> _WORK TO BE COMPLETED_
Your copy should match the listing word for word, apart from the pictures, which are left out.

> _DATA SECTION_
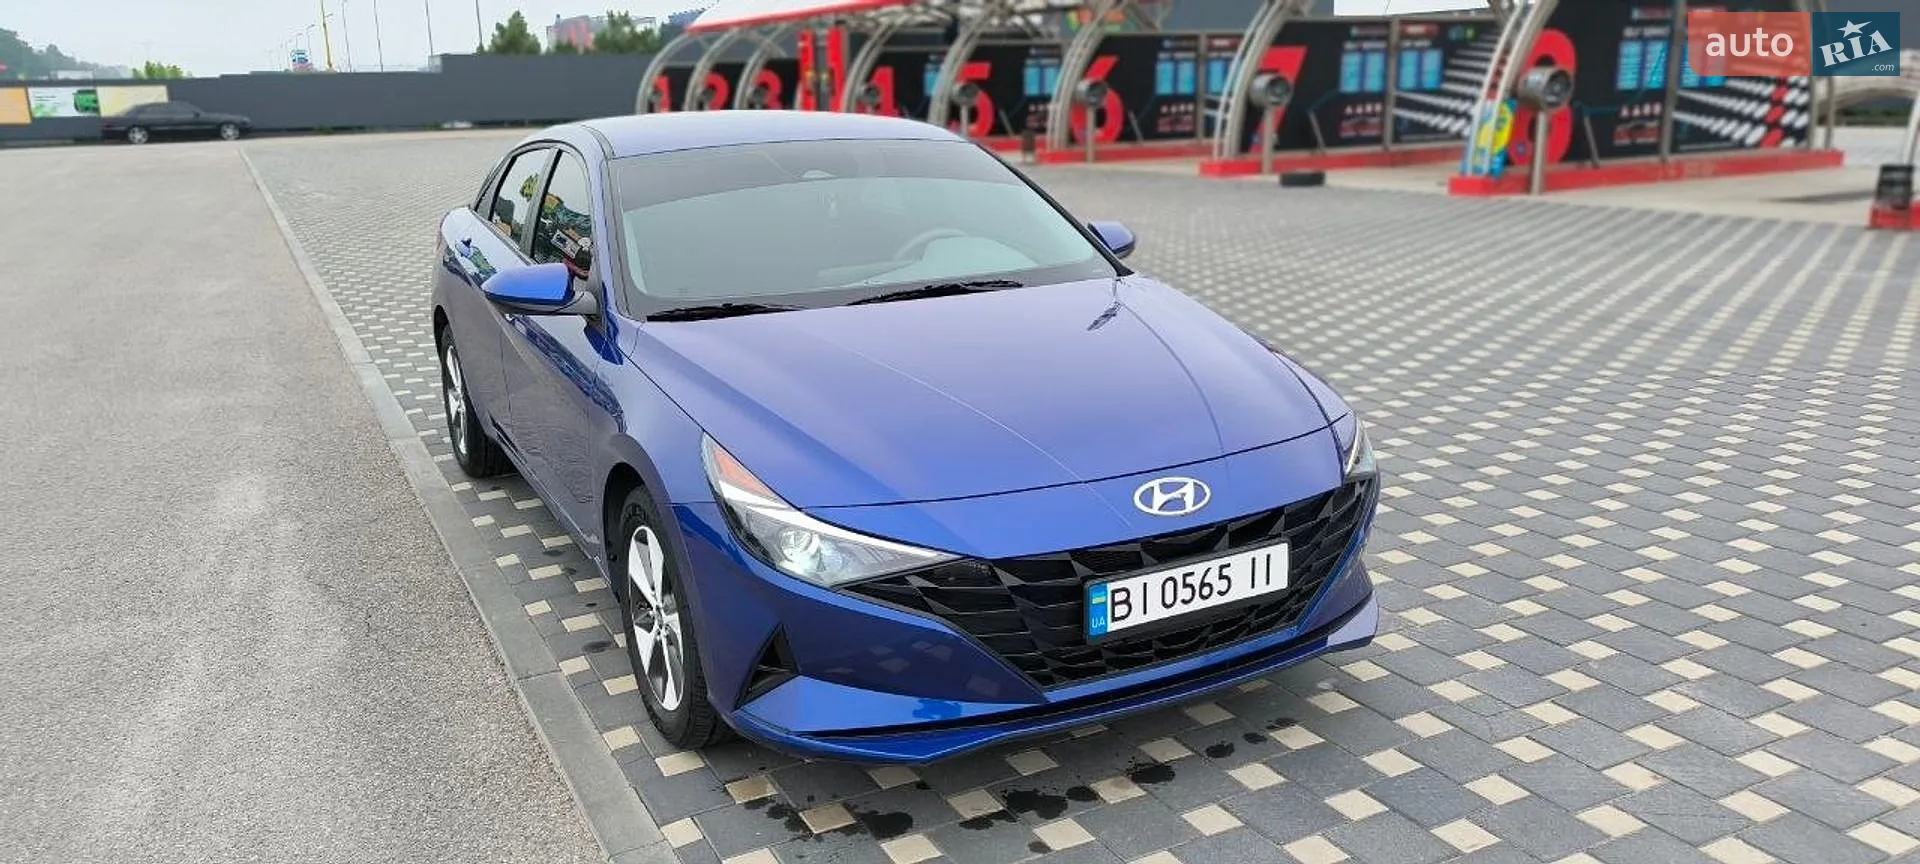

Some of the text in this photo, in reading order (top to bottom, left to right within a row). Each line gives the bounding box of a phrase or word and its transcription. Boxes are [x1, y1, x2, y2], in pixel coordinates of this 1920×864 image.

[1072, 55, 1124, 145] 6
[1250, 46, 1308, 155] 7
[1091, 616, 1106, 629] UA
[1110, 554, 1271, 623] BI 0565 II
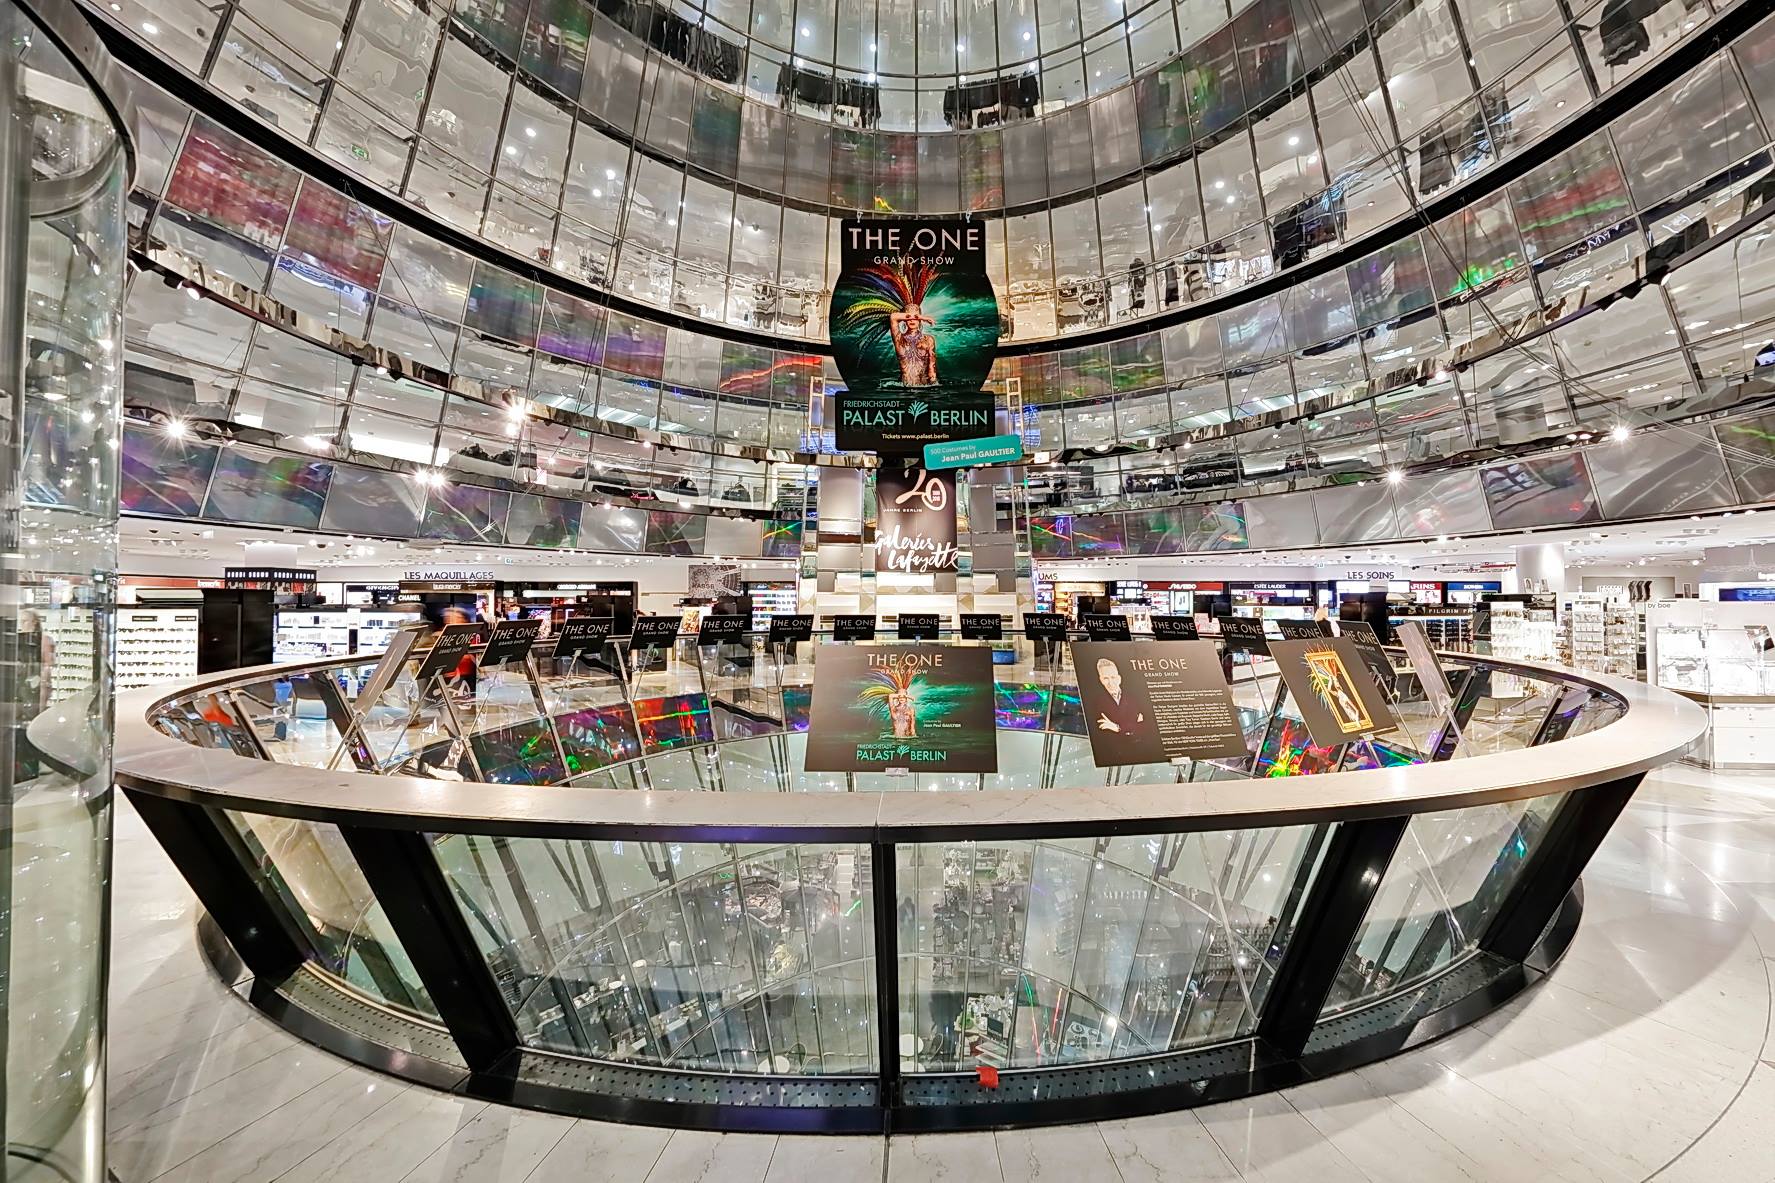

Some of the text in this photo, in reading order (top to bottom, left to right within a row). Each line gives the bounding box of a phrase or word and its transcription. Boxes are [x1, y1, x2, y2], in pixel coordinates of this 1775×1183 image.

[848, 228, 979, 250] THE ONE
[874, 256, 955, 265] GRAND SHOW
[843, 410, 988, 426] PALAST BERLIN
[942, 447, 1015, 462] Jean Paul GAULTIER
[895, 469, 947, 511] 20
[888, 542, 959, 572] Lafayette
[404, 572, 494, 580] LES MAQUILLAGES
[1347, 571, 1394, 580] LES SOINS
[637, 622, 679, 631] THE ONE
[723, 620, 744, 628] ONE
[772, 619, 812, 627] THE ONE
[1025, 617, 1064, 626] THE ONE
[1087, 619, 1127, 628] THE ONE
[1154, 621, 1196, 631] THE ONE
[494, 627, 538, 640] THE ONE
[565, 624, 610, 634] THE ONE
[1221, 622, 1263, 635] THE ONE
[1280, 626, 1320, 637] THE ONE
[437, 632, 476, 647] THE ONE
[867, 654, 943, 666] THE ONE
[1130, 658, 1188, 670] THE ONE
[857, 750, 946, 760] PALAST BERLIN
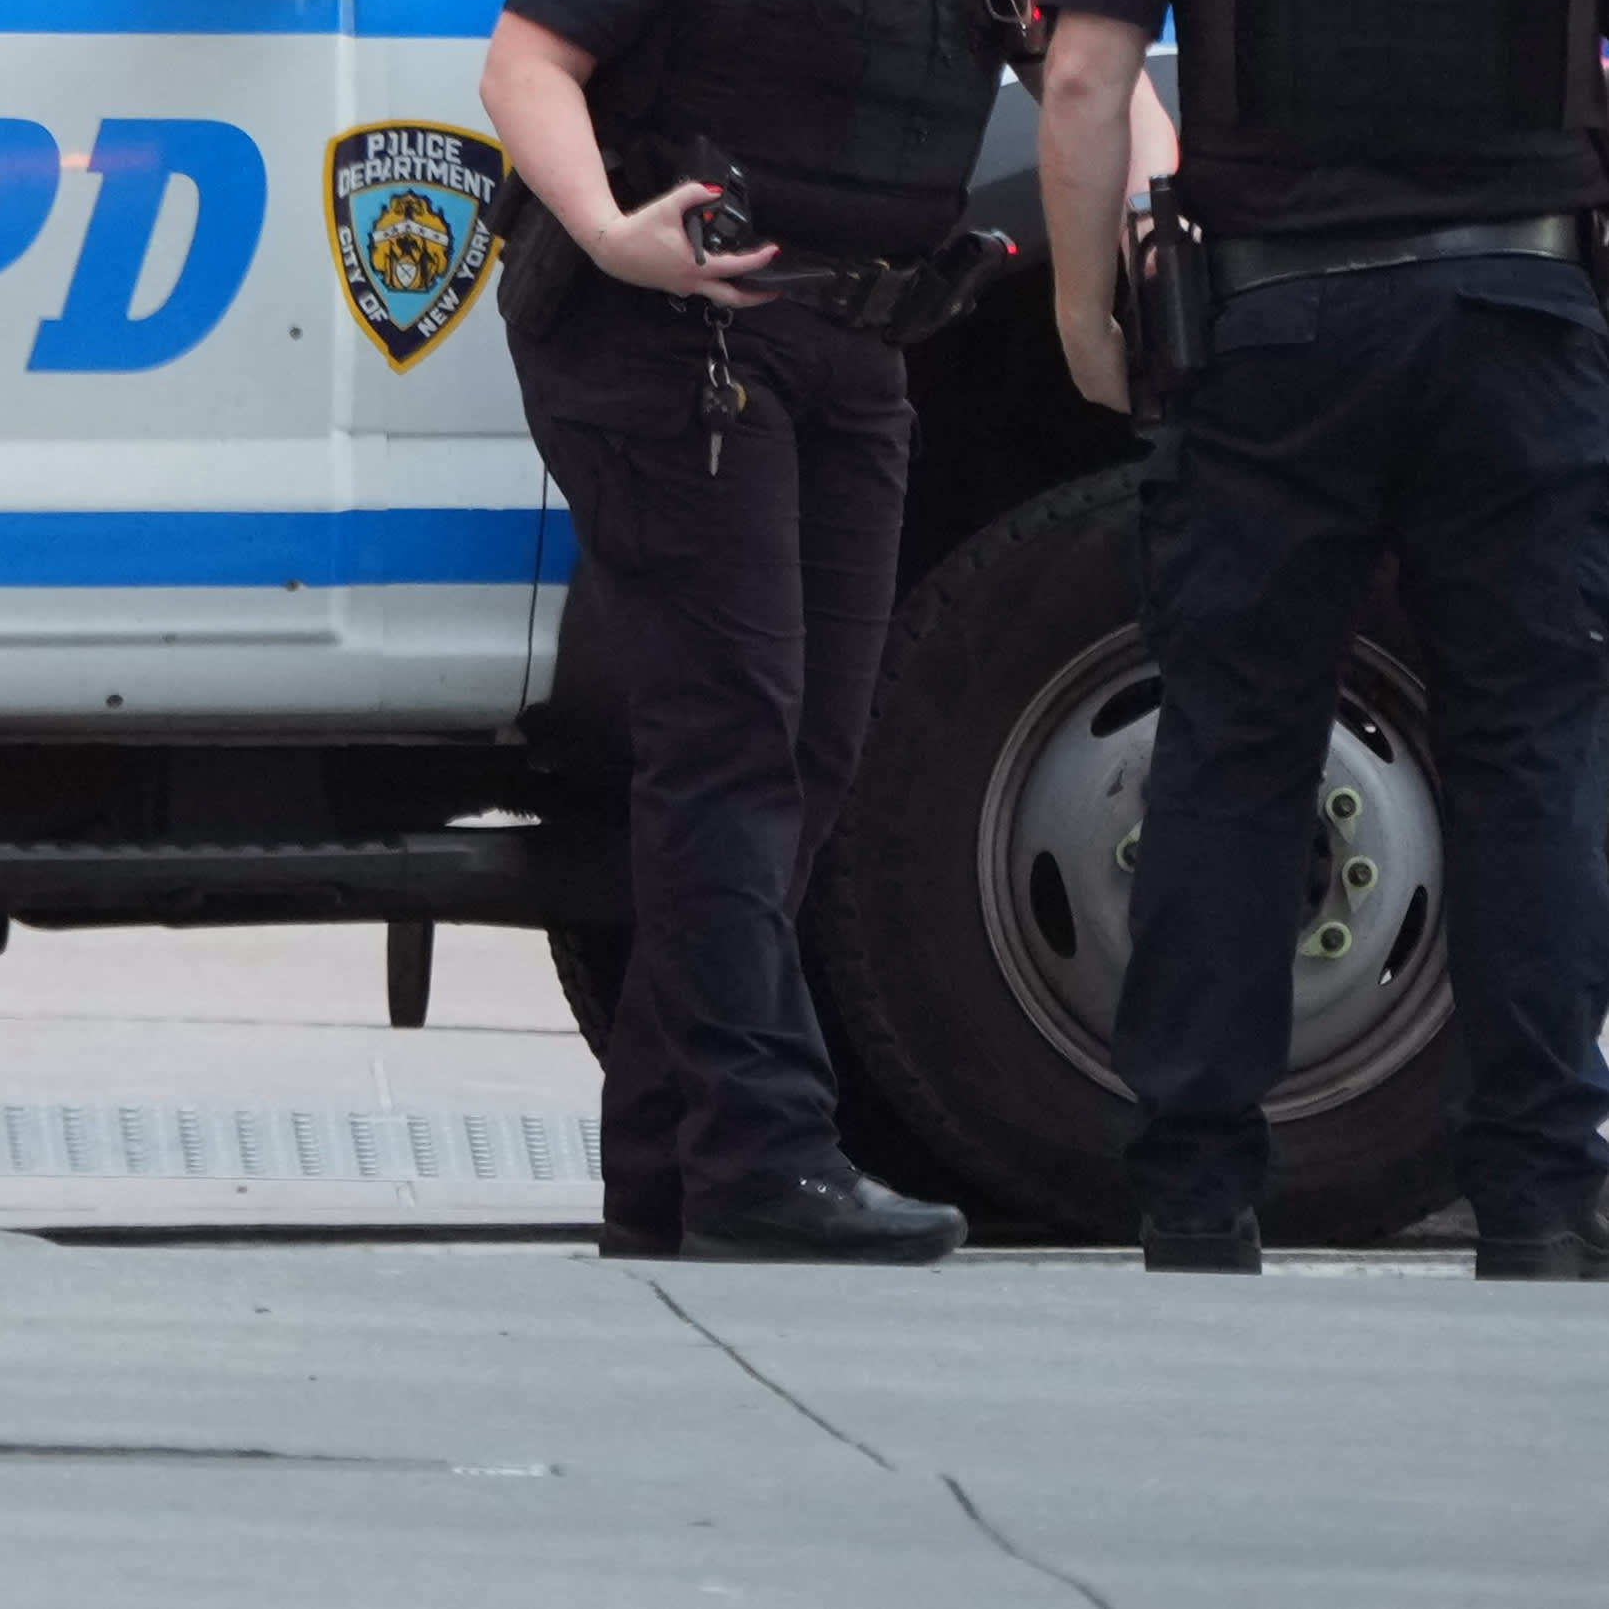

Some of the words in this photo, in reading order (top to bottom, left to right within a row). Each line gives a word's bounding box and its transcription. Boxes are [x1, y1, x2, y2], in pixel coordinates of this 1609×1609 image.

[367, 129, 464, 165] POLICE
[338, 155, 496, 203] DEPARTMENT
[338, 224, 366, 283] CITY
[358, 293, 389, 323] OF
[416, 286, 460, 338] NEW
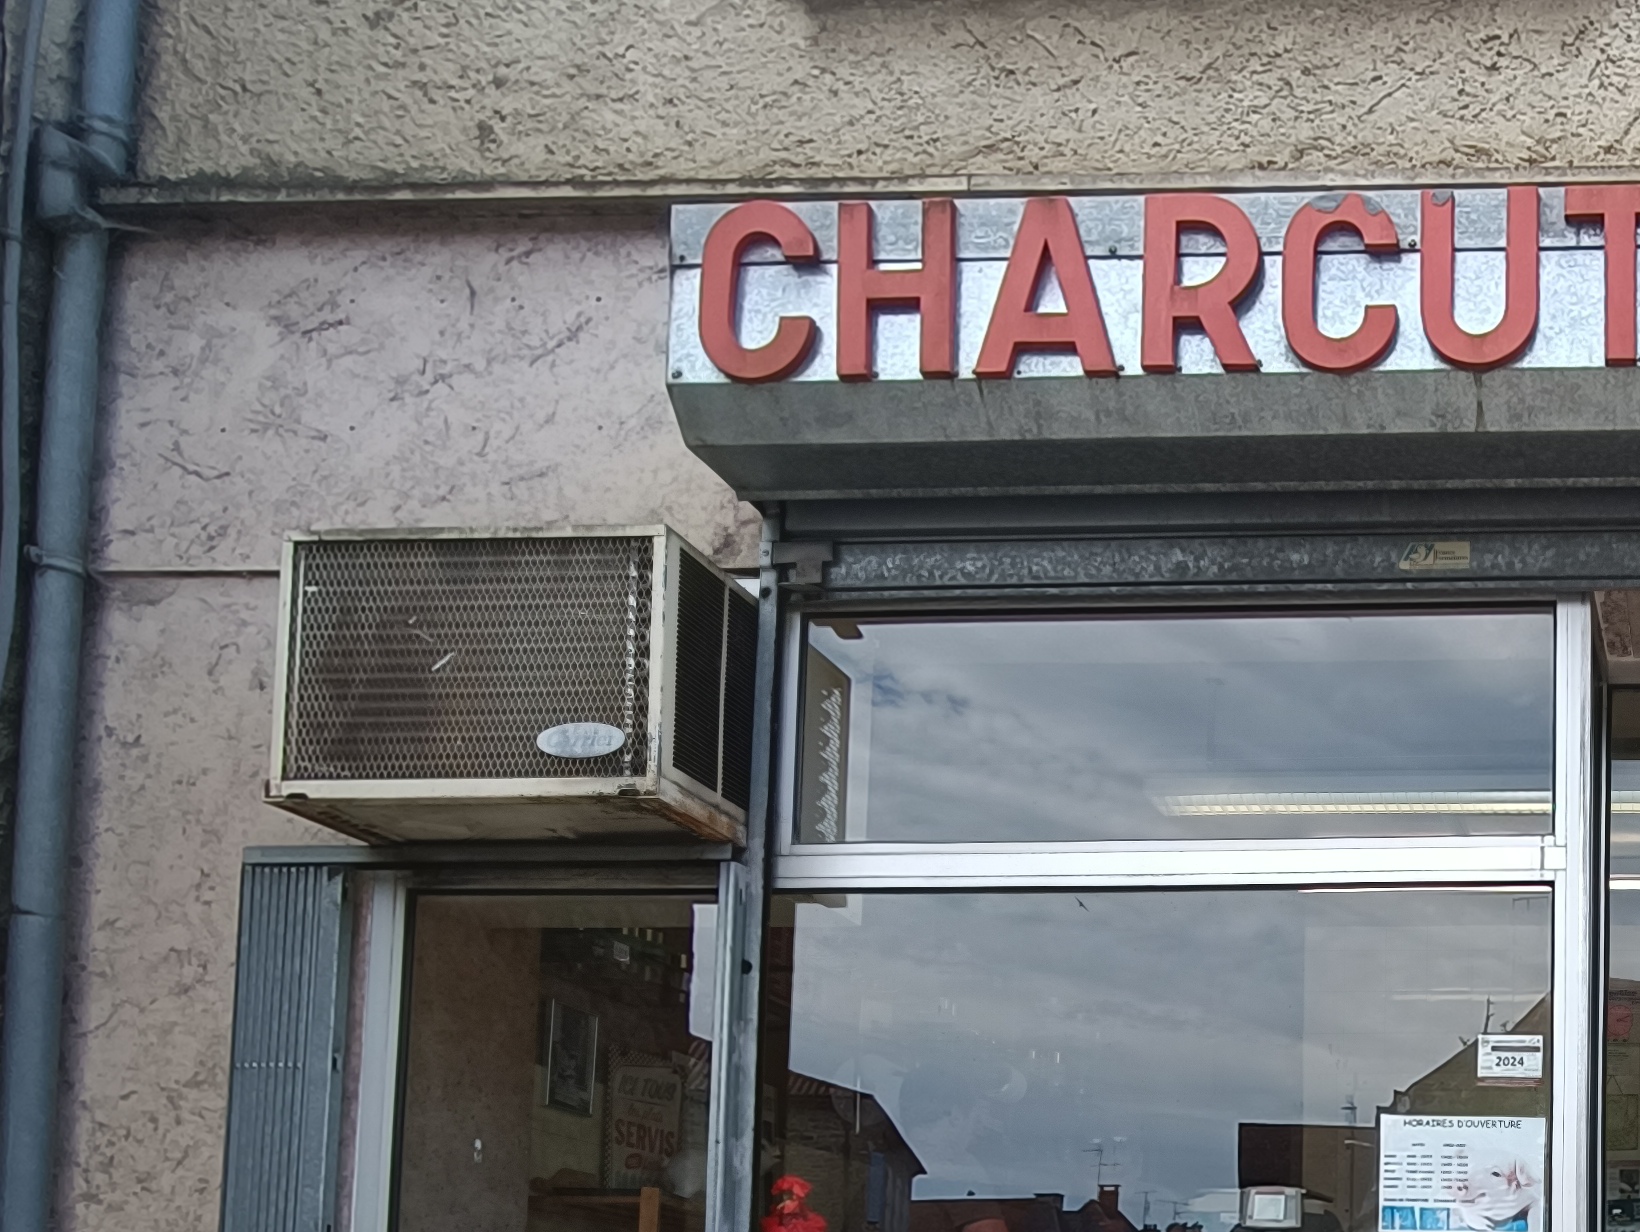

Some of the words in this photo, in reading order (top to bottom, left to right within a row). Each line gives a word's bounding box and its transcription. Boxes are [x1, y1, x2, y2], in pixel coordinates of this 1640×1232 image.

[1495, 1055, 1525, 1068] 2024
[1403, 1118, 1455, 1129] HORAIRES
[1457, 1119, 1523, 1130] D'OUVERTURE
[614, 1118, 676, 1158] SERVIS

> _EXERCISE SOLUTION_
Some of the text in this photo, in reading order (top to bottom, left to right within a row). Each line gives the bounding box of a phrase or word and its transcription. Boxes are [x1, y1, x2, y2], in pixel coordinates of this 1920×864 image.

[1072, 55, 1124, 145] 6
[1250, 46, 1308, 155] 7
[1091, 616, 1106, 629] UA
[1110, 554, 1271, 623] BI 0565 II

Some of the text in this photo, in reading order (top to bottom, left to right within a row). Each line gives the bounding box of a phrase or word and its transcription. Boxes are [x1, y1, x2, y2], in pixel coordinates of this 1775×1183 image.

[848, 228, 979, 250] THE ONE
[874, 256, 955, 265] GRAND SHOW
[843, 410, 988, 426] PALAST BERLIN
[942, 447, 1015, 462] Jean Paul GAULTIER
[895, 469, 947, 511] 20
[888, 542, 959, 572] Lafayette
[404, 572, 494, 580] LES MAQUILLAGES
[1347, 571, 1394, 580] LES SOINS
[637, 622, 679, 631] THE ONE
[723, 620, 744, 628] ONE
[772, 619, 812, 627] THE ONE
[1025, 617, 1064, 626] THE ONE
[1087, 619, 1127, 628] THE ONE
[1154, 621, 1196, 631] THE ONE
[494, 627, 538, 640] THE ONE
[565, 624, 610, 634] THE ONE
[1221, 622, 1263, 635] THE ONE
[1280, 626, 1320, 637] THE ONE
[437, 632, 476, 647] THE ONE
[867, 654, 943, 666] THE ONE
[1130, 658, 1188, 670] THE ONE
[857, 750, 946, 760] PALAST BERLIN

Some of the words in this photo, in reading order (top to bottom, left to right within a row). Each line gives a word's bounding box and its transcription. Boxes are [x1, y1, x2, y2], in pixel coordinates of this 1609×1609 image.

[367, 129, 464, 165] POLICE
[338, 155, 496, 203] DEPARTMENT
[338, 224, 366, 283] CITY
[358, 293, 389, 323] OF
[416, 286, 460, 338] NEW

Some of the words in this photo, in reading order (top to bottom, left to right within a row). Each line gives a word's bounding box and its transcription. Boxes are [x1, y1, x2, y2], in pixel coordinates of this 1640×1232 image.

[1495, 1055, 1525, 1068] 2024
[1403, 1118, 1455, 1129] HORAIRES
[1457, 1119, 1523, 1130] D'OUVERTURE
[614, 1118, 676, 1158] SERVIS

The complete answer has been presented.